Saved data entries:

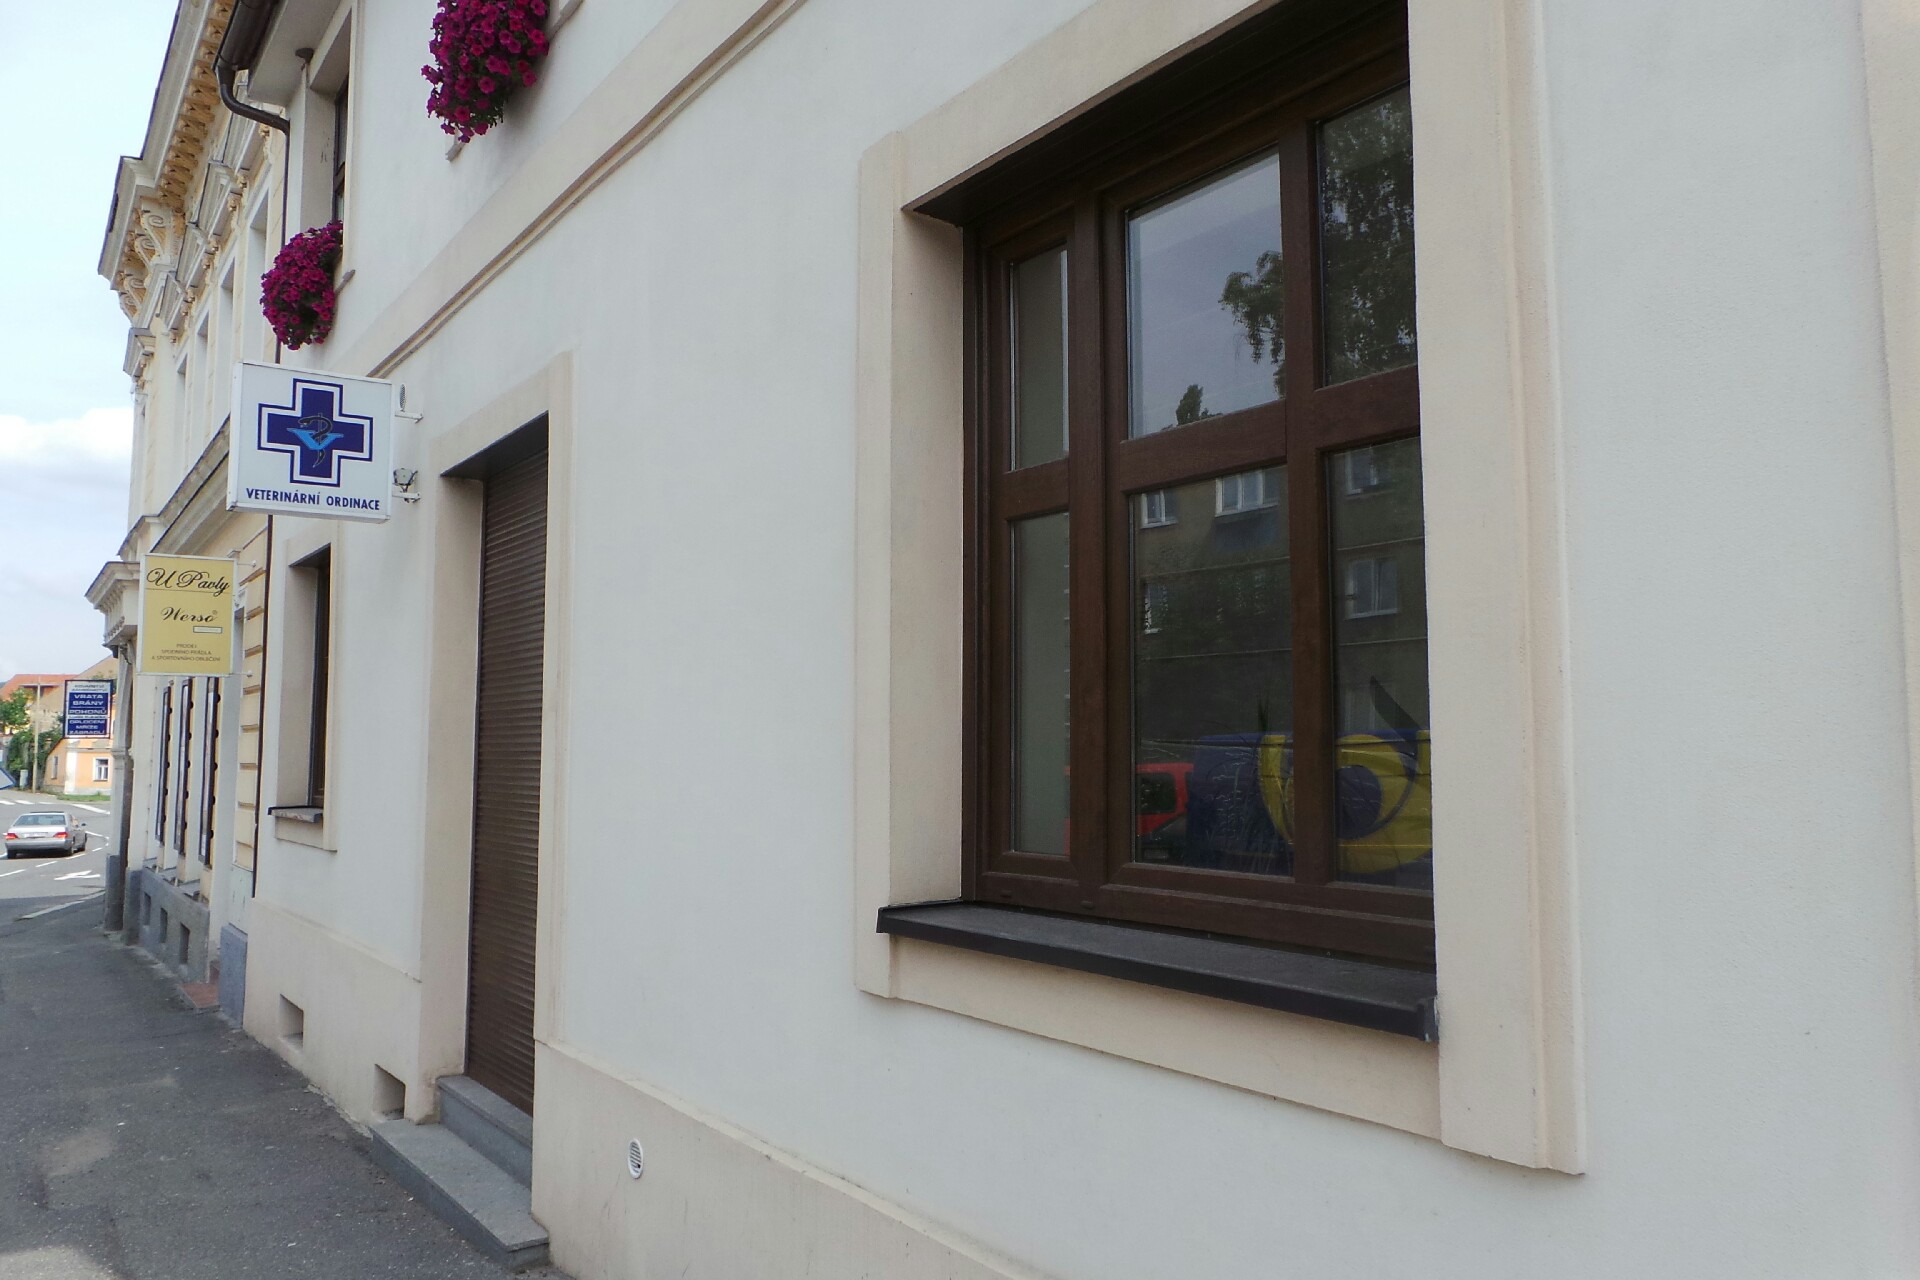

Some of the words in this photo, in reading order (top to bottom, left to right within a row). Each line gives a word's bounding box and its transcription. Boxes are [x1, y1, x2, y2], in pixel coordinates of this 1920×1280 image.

[246, 487, 320, 505] VETERINÁRNÍ
[326, 495, 380, 511] ORDINACE
[176, 569, 231, 598] Pavly
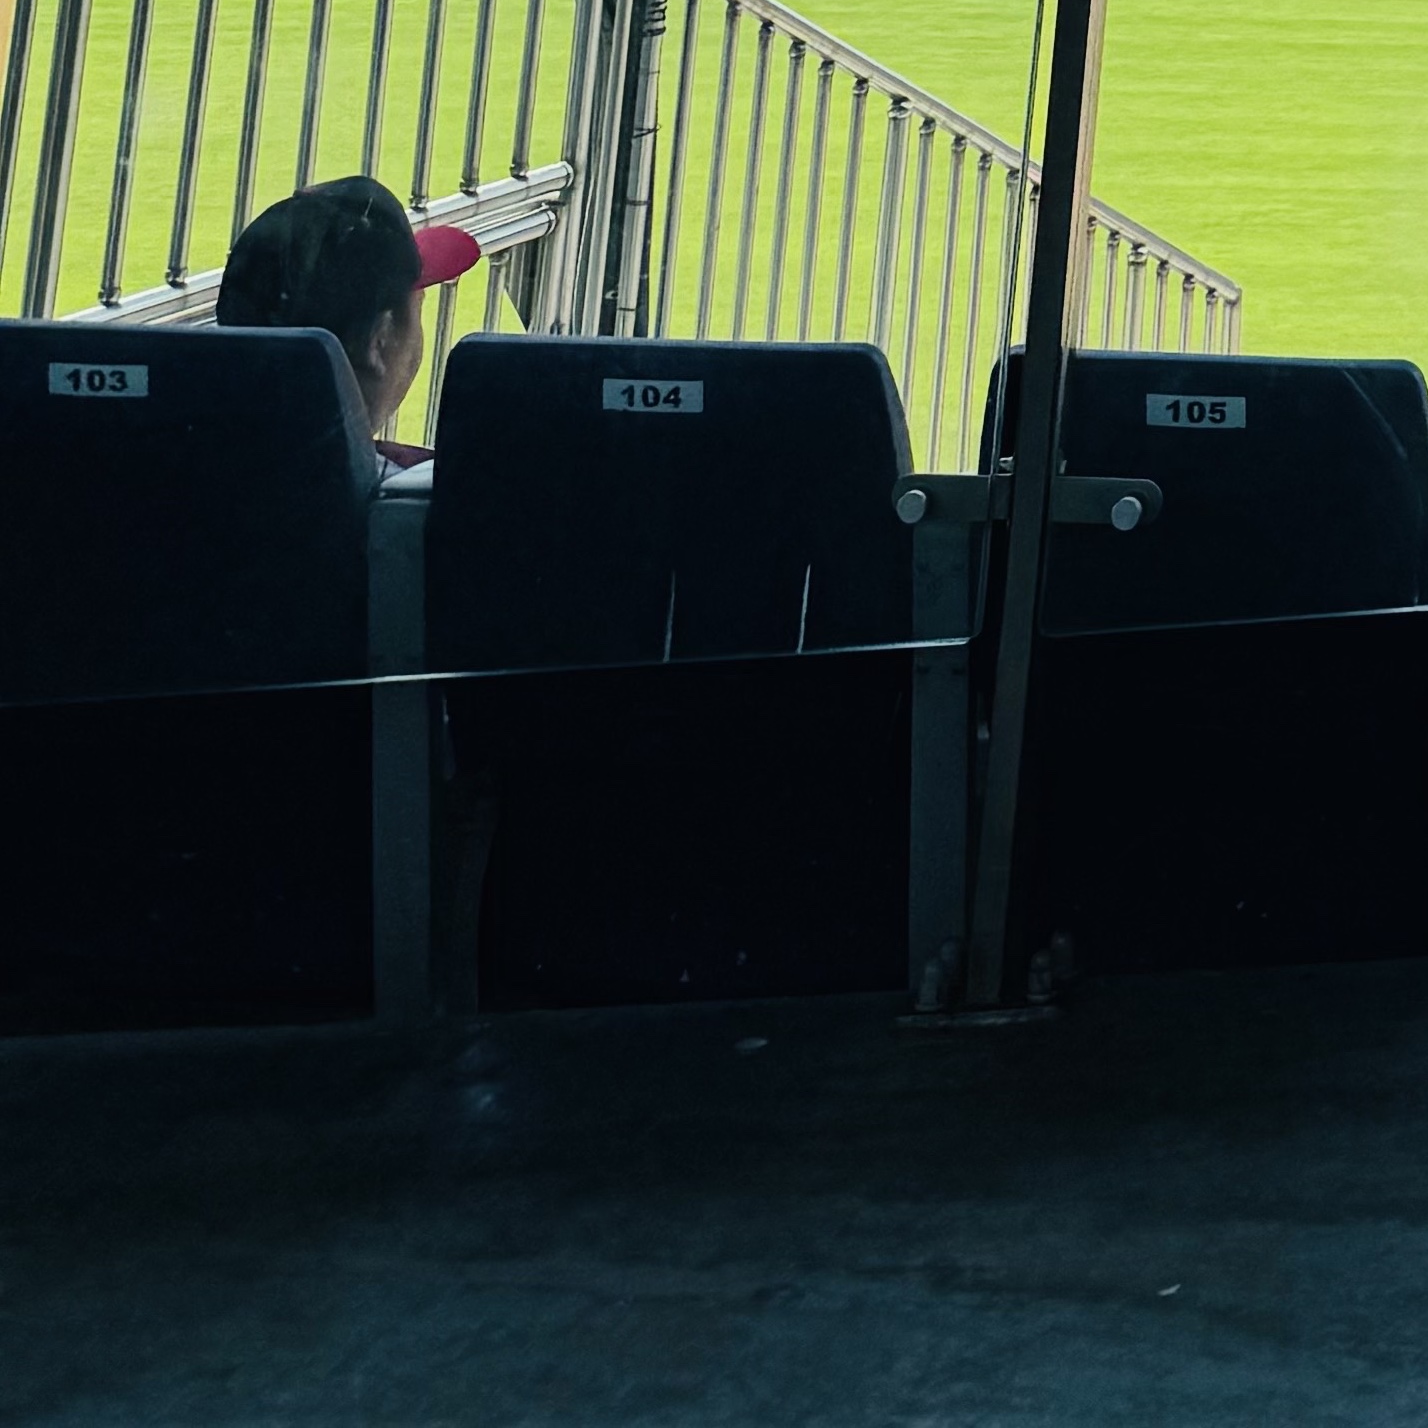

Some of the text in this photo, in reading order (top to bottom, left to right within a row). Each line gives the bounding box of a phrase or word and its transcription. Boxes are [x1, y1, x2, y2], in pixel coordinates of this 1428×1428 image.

[65, 369, 128, 392] 103
[620, 385, 682, 409] 104
[1163, 399, 1227, 424] 105

How to complete this task: Could you print all the entries exactly as they stand, with the pictures left out?

Result below:
Some of the words in this photo, in reading order (top to bottom, left to right within a row). Each line gives a word's bounding box and its transcription. Boxes are [x1, y1, x2, y2], in pixel coordinates of this 1920×1280 image.

[246, 487, 320, 505] VETERINÁRNÍ
[326, 495, 380, 511] ORDINACE
[176, 569, 231, 598] Pavly

Some of the text in this photo, in reading order (top to bottom, left to right within a row). Each line gives the bounding box of a phrase or word and its transcription. Boxes are [x1, y1, x2, y2], in pixel coordinates of this 1428×1428 image.

[65, 369, 128, 392] 103
[620, 385, 682, 409] 104
[1163, 399, 1227, 424] 105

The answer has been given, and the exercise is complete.